We identified a second case of partial gain of chromosome 1, again involving the entire 1q arm, based on SNP data from the brain sample of an individual (HMG-2) reported to have isolated HMG on MRI, similar but somewhat milder neuropathological findings of mild dysplasia (manifest primarily as a thickened cortical ribbon), and no other medical problems. The gain in copy number is shown in Supplemental Figure 1. Copy number at 1q assessed by qPCR was 2.75 (S.D. 0.28), again consistent with mosaic partial trisomy. Leukocytes or other tissues were not available from this individual, so the somatic nature of the mutation could not be directly tested. Inspection of the published literature and the Database of Genomic Variants (http://projects.tcag.ca/variation/), a large database of copy number variation, suggest that there are no known control individuals with large constitutional duplications of 1q (Iafrate et al., 2004). Wintle and colleagues recently conducted a sensitive copy number analysis on brain tissue from 52 individuals without HMG (Wintle et al., 2011) and reported no duplications of chromosome 1q larger than 1Mb (whereas the 1q region spans nearly 250 Mb), demonstrating that our finding of 2/8 cases with trisomy of 1q is clearly not a common variant (Wintle et al., 2011).

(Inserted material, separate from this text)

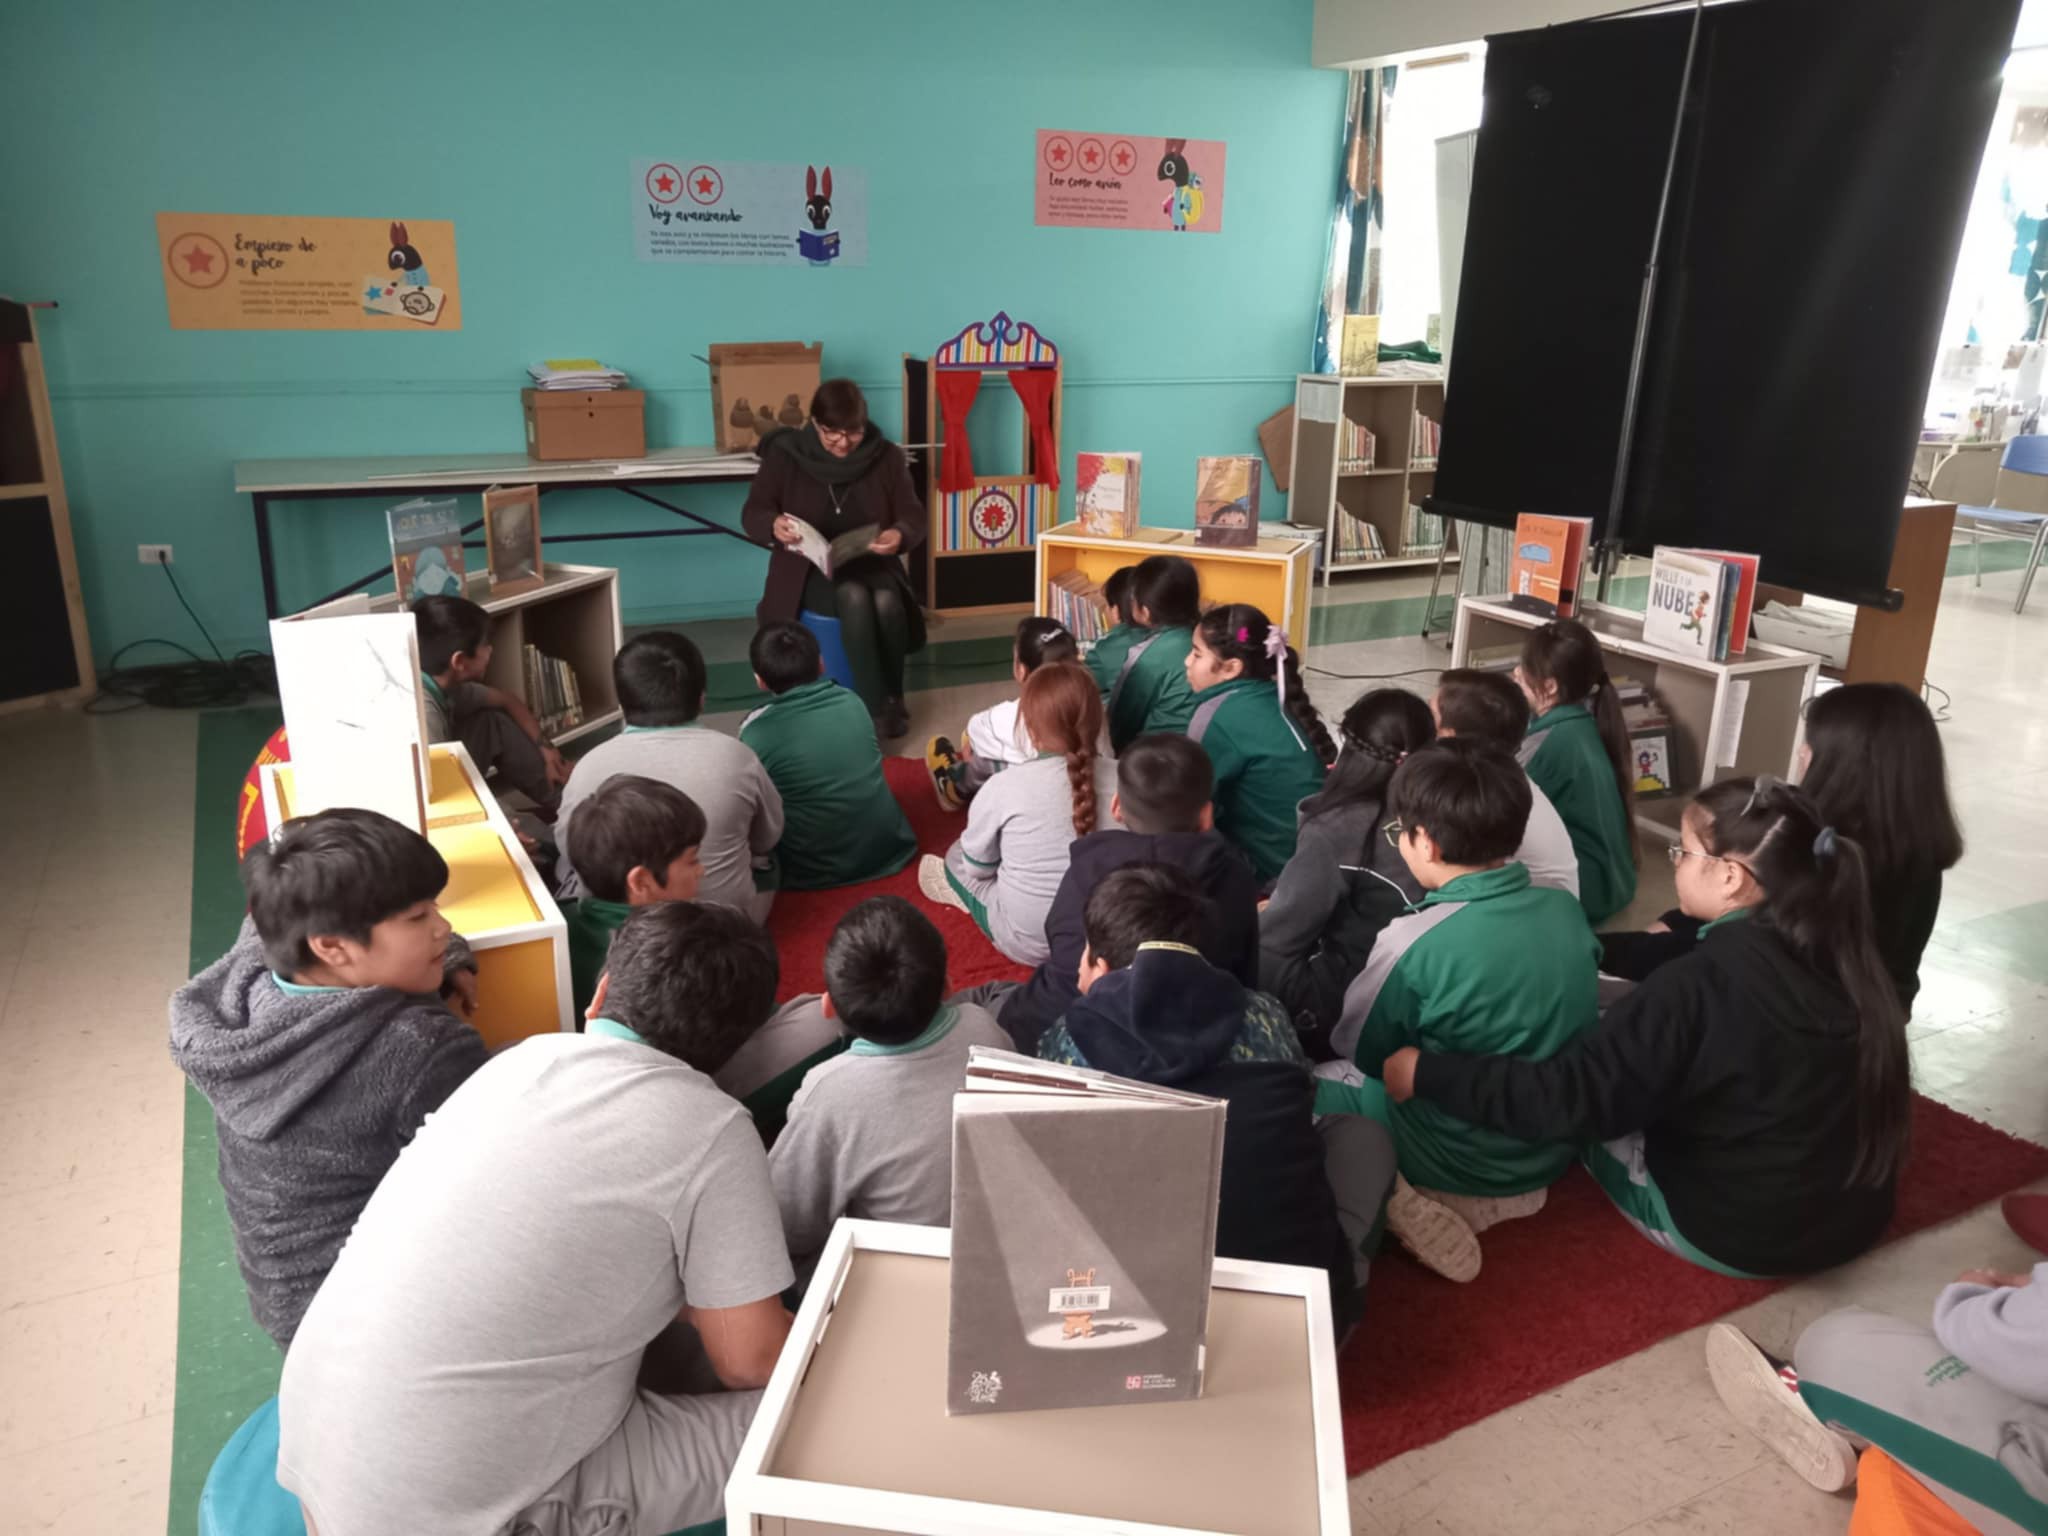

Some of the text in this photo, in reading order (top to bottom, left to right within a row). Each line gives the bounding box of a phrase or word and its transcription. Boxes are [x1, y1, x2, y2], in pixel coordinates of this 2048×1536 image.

Chromosome 1q contains many genes, but among them AKT3 is a particularly strong candidate for HMG because deletions that encompass AKT3 have been associated with microcephaly, suggesting a role for AKT3 in control of brain size (Ballif et al., 2012; Boland et al., 2007; Hill et al., 2007). Furthermore, somatic activating mutations in AKT1 have recently been reported to cause Proteus syndrome, and somatic activating mutations in AKT2 have been reported to cause hypoglycemia and asymmetrical somatic growth (Hussain et al., 2011; Lindhurst et al., 2011). Earlier screening for candidate mutations in cancer-associated genes did not reveal any mutations in our cases (data not shown); AKT3 was not included among the genes screened. We sequenced AKT3 as a candidate gene in the 6 remaining non-trisomy cases of HMG and identified 1/6 with a somatic point mutation in AKT3. This case (HMG-3) was a non-dysmorphic boy requiring hemispherectomy at 5 months of age for seizures beginning in the first week of life due to right-sided HMG (MRI before surgery is shown in Figure 1G and H, and after surgery in Figure 1I and J). Following surgery, he had two periods of breakthrough seizures but has been seizure-free for 6 years at 10 years of age. He has left-sided weakness but walks independently, speaks fluently, is able to read, and attends school with special education services. DNA sequencing revealed the mutation AKT3 c.49G→A, p.E17K in the DNA derived from the brain; this mutation was not detectable in DNA derived from the patient’s leukocytes (Figure 3D). To confirm the presence of the mutation in brain cells, we cloned the PCR product from brain and re-sequenced multiple clones (Figure 3D). Forty-six individual clones showed either the mutant sequence only (8/46, or 17.4%) or the normal sequence only (38/46, or 82.6%) (examples shown in Figure 3D), suggesting that the mutation exists in the heterozygous state in ≈35% of the cells.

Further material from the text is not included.